» What is being asked: Write out the records in full and without alteration, setting aside their pictures.

» Exercise data:
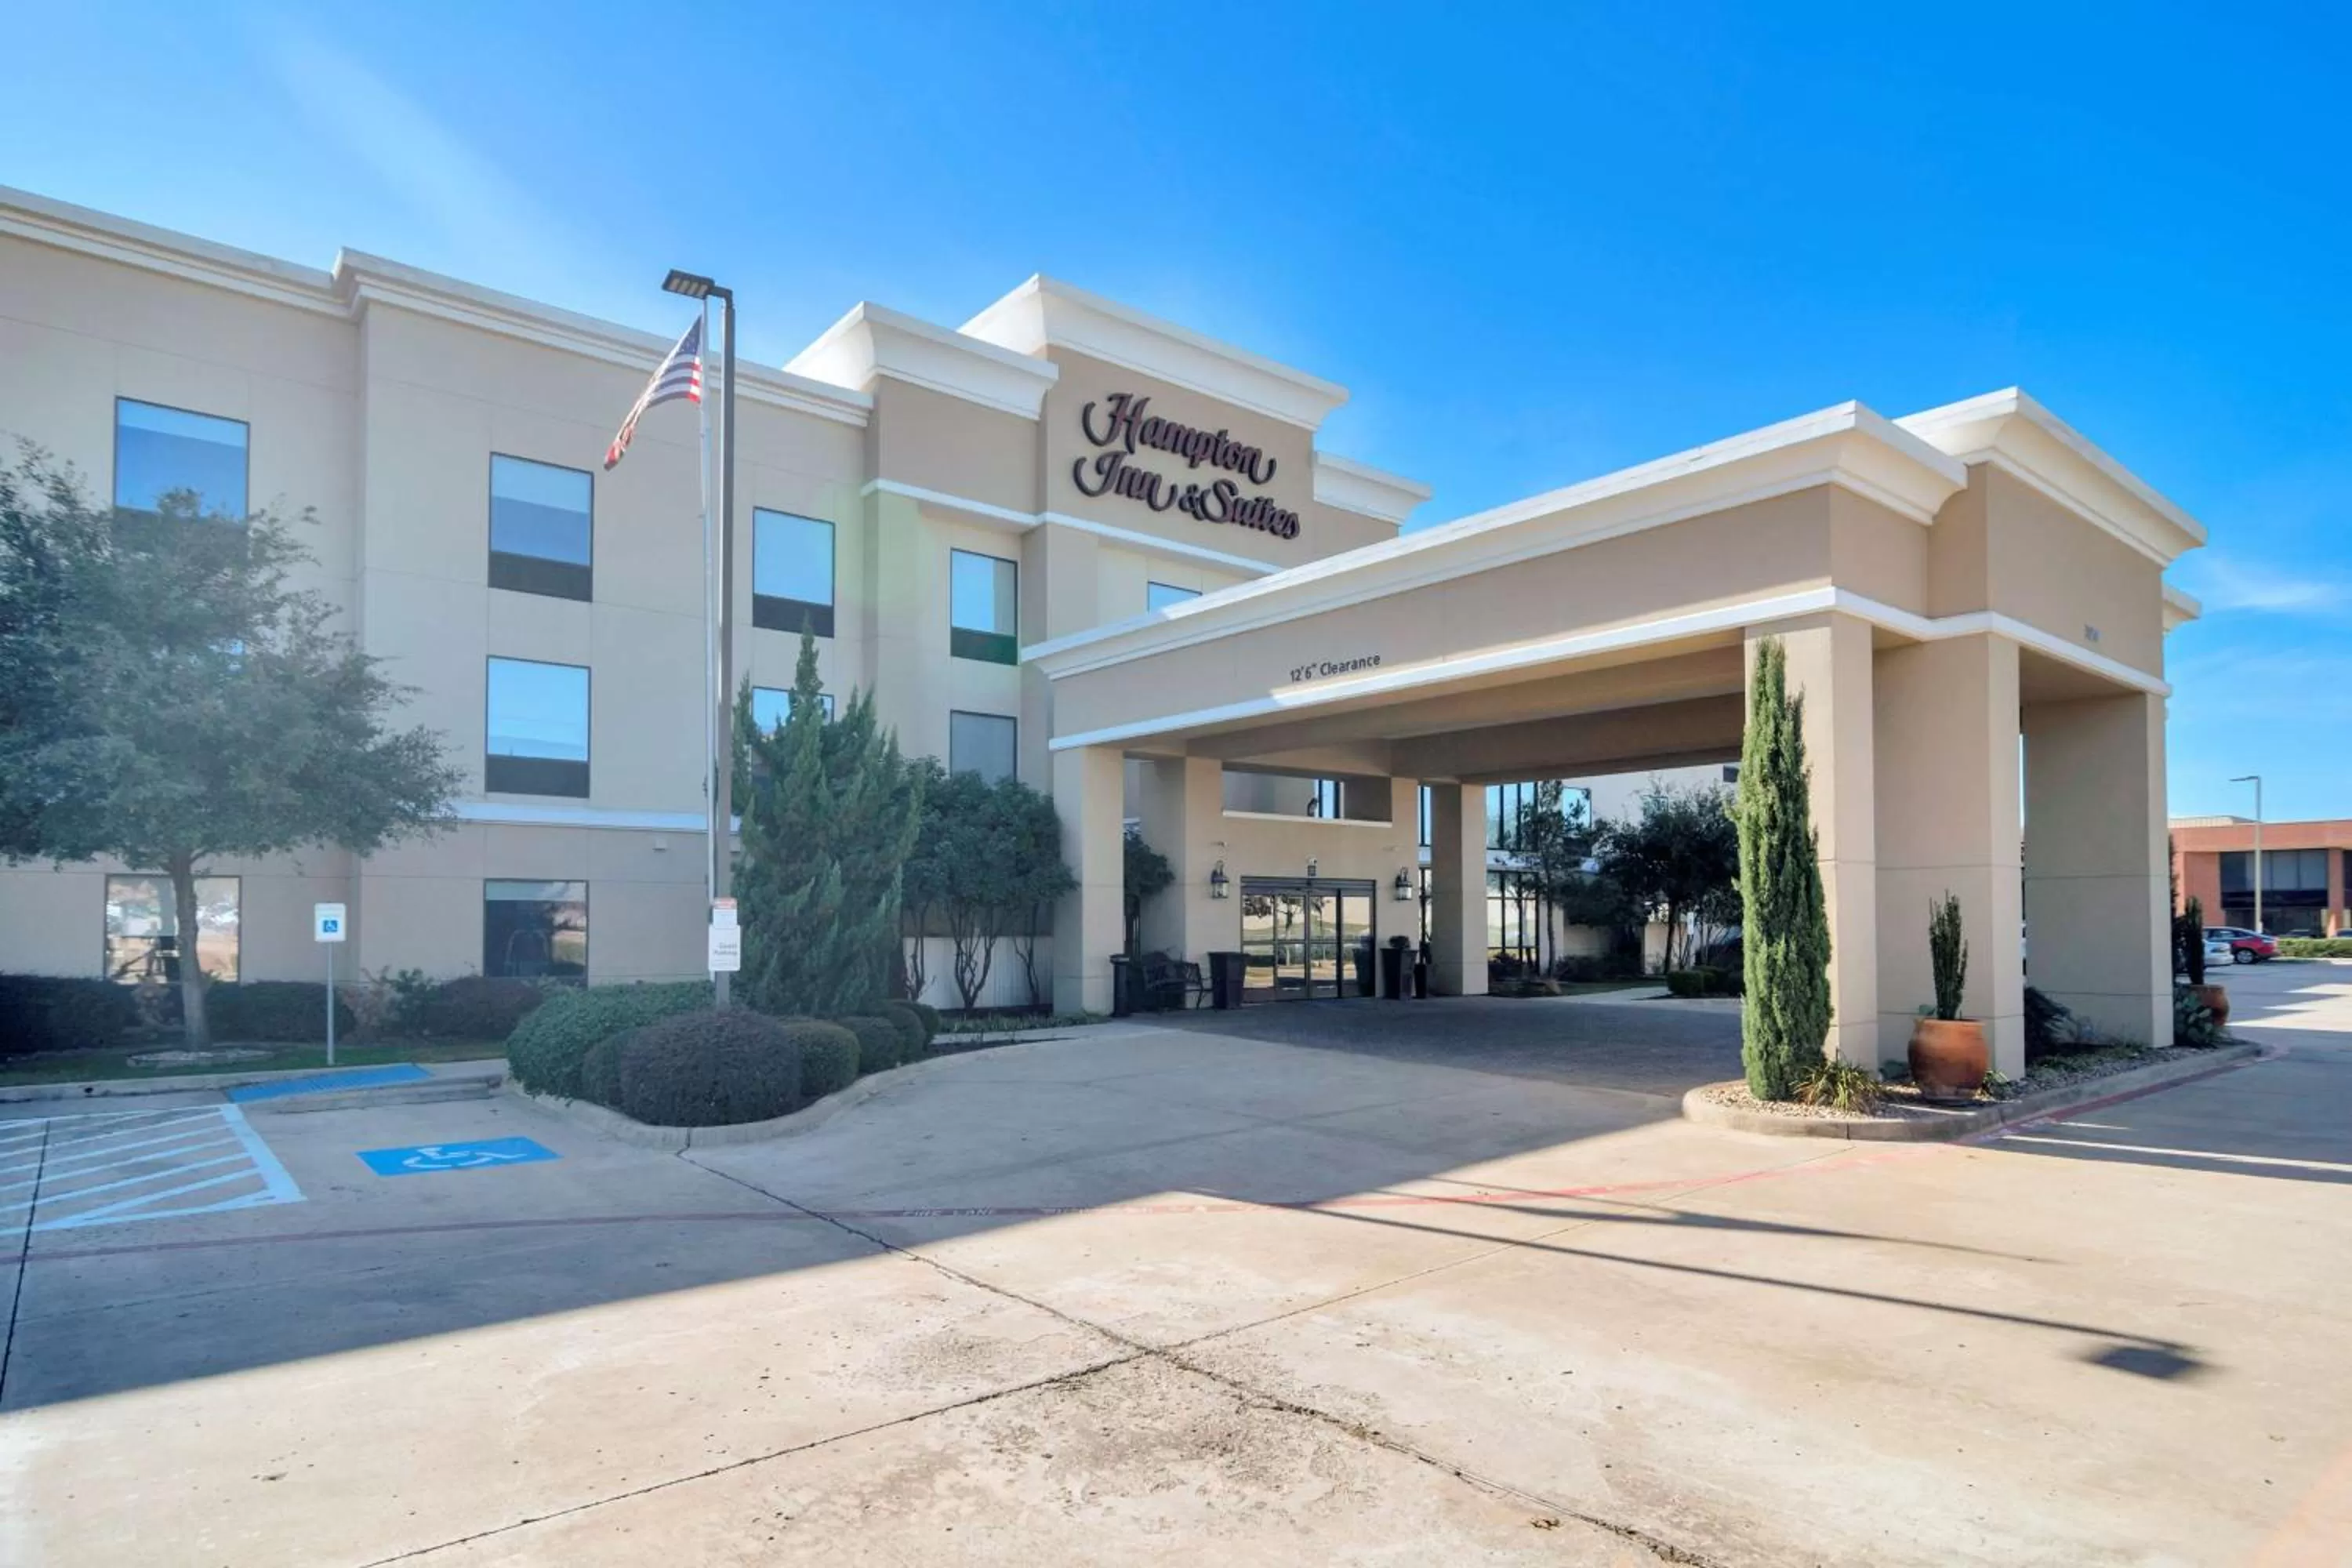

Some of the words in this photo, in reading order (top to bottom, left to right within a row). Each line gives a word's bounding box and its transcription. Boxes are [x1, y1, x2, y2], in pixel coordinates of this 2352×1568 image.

[1081, 393, 1277, 485] Hampton
[1073, 450, 1178, 512] Inn
[1178, 483, 1205, 521] &
[1200, 478, 1301, 539] Suites
[1319, 652, 1381, 677] Clearance

» Result of this exercise:
Some of the words in this photo, in reading order (top to bottom, left to right within a row). Each line gives a word's bounding box and its transcription. Boxes are [x1, y1, x2, y2], in pixel coordinates of this 2352×1568 image.

[1081, 393, 1277, 485] Hampton
[1073, 450, 1178, 512] Inn
[1178, 483, 1205, 521] &
[1200, 478, 1301, 539] Suites
[1319, 652, 1381, 677] Clearance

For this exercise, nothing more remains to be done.